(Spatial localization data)
# # # # # # #

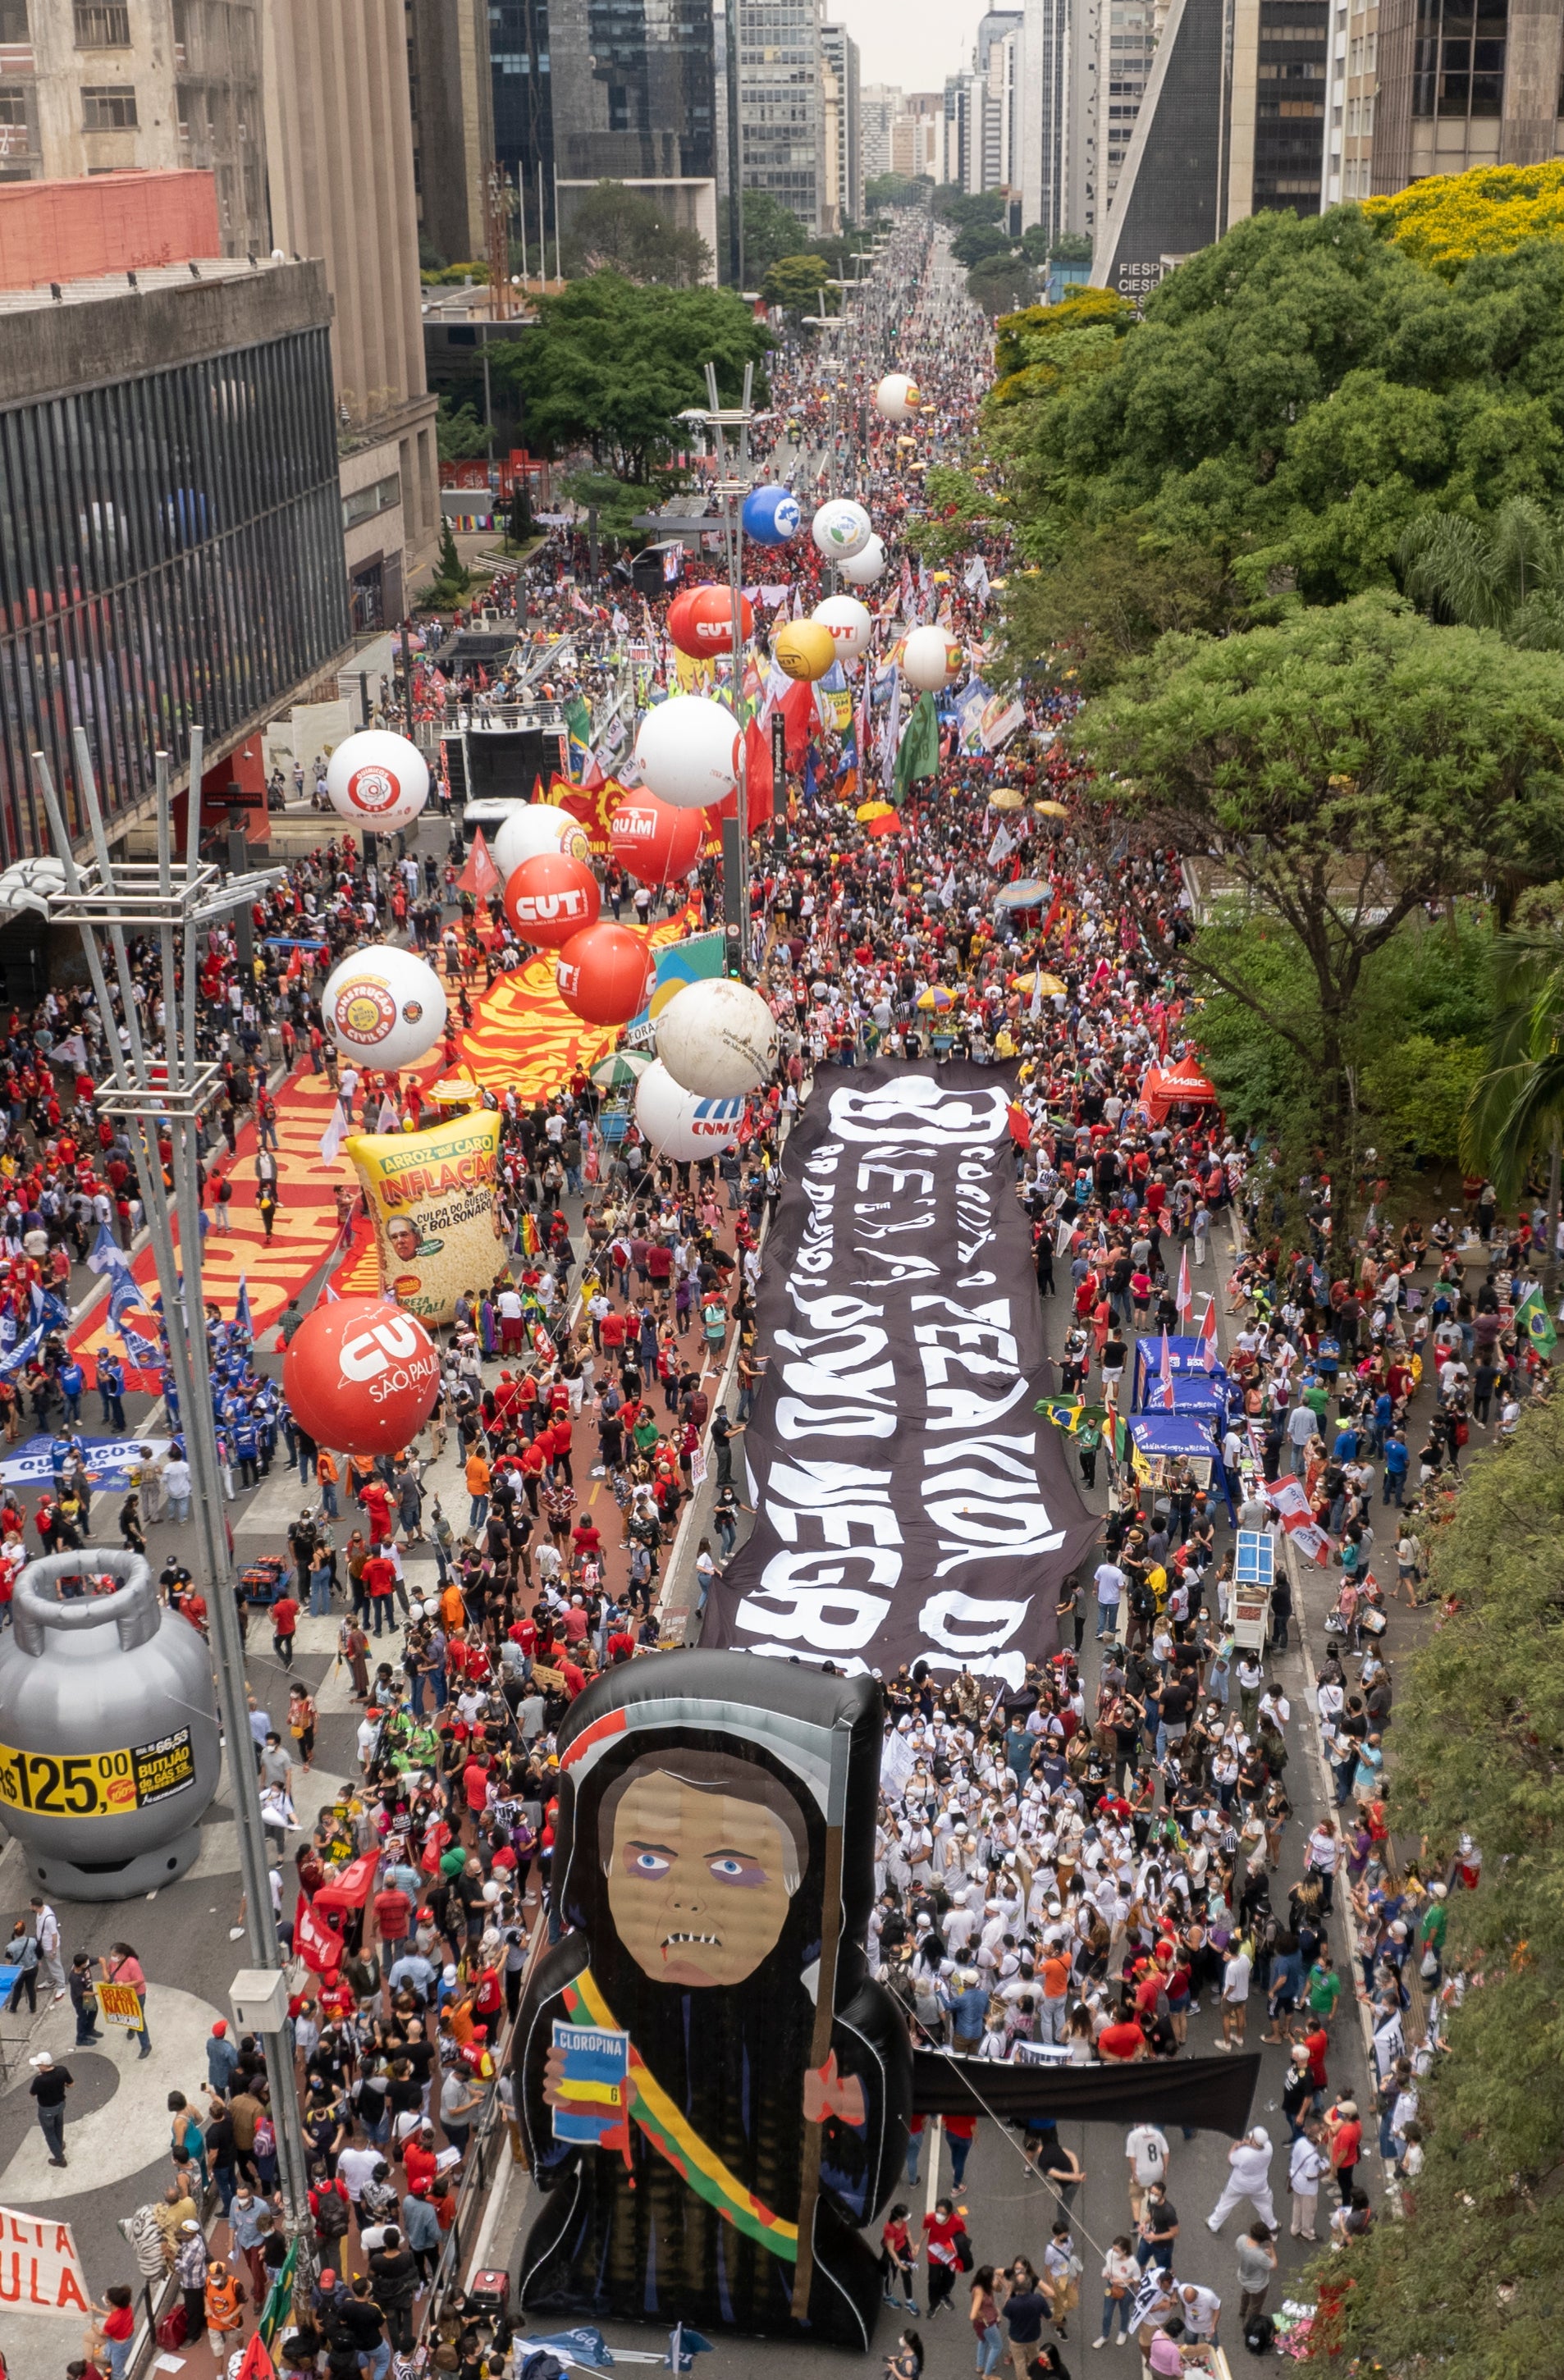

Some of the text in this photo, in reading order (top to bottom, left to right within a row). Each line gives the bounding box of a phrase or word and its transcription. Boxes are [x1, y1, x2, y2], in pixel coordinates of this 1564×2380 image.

[1119, 263, 1159, 275] FIESP
[1118, 279, 1159, 291] CIESP
[837, 522, 855, 530] UBES
[696, 621, 734, 637] CUT
[822, 624, 853, 638] UT
[516, 890, 581, 920] CUT
[337, 986, 392, 1023] CONSTRUÇÃO
[346, 1021, 389, 1043] CIVIL SP
[629, 1023, 655, 1041] FORA
[385, 1149, 436, 1173] ARROZ
[455, 1135, 492, 1154] CARO
[379, 1149, 497, 1207] INFLAÇÃO
[417, 1188, 492, 1223] CULPA DO GUEDES
[421, 1198, 492, 1233] E BOLSONARO
[339, 1313, 435, 1382] CUT
[911, 1295, 1029, 1430] PELA
[369, 1371, 409, 1403] SÃO
[729, 1281, 904, 1679] POVO NEGR
[922, 1432, 1067, 1578] VIDA
[1287, 1487, 1300, 1501] PDT
[1296, 1530, 1312, 1542] PDT
[156, 1729, 190, 1754] 66,53
[138, 1746, 190, 1779] BUTIJÃO
[139, 1777, 153, 1788] de
[154, 1769, 175, 1785] GÁS
[394, 1815, 409, 1823] FORA
[101, 1989, 133, 2004] BRASIL
[121, 2002, 140, 2017] UTI
[560, 2032, 622, 2056] CLOROPINA
[611, 2087, 618, 2102] G
[1148, 2143, 1158, 2162] 8

# # # # # # #

[Exercise details]:
Pictures aside, give the data again exactly as it appears.

[Task answer]:
Some of the text in this photo, in reading order (top to bottom, left to right within a row). Each line gives the bounding box of a phrase or word and its transcription. Boxes are [x1, y1, x2, y2], in pixel coordinates of this 1564×2380 image.

[1119, 263, 1159, 275] FIESP
[1118, 279, 1159, 291] CIESP
[837, 522, 855, 530] UBES
[696, 621, 734, 637] CUT
[822, 624, 853, 638] UT
[516, 890, 581, 920] CUT
[337, 986, 392, 1023] CONSTRUÇÃO
[346, 1021, 389, 1043] CIVIL SP
[629, 1023, 655, 1041] FORA
[385, 1149, 436, 1173] ARROZ
[455, 1135, 492, 1154] CARO
[379, 1149, 497, 1207] INFLAÇÃO
[417, 1188, 492, 1223] CULPA DO GUEDES
[421, 1198, 492, 1233] E BOLSONARO
[339, 1313, 435, 1382] CUT
[911, 1295, 1029, 1430] PELA
[369, 1371, 409, 1403] SÃO
[729, 1281, 904, 1679] POVO NEGR
[922, 1432, 1067, 1578] VIDA
[1287, 1487, 1300, 1501] PDT
[1296, 1530, 1312, 1542] PDT
[156, 1729, 190, 1754] 66,53
[138, 1746, 190, 1779] BUTIJÃO
[139, 1777, 153, 1788] de
[154, 1769, 175, 1785] GÁS
[394, 1815, 409, 1823] FORA
[101, 1989, 133, 2004] BRASIL
[121, 2002, 140, 2017] UTI
[560, 2032, 622, 2056] CLOROPINA
[611, 2087, 618, 2102] G
[1148, 2143, 1158, 2162] 8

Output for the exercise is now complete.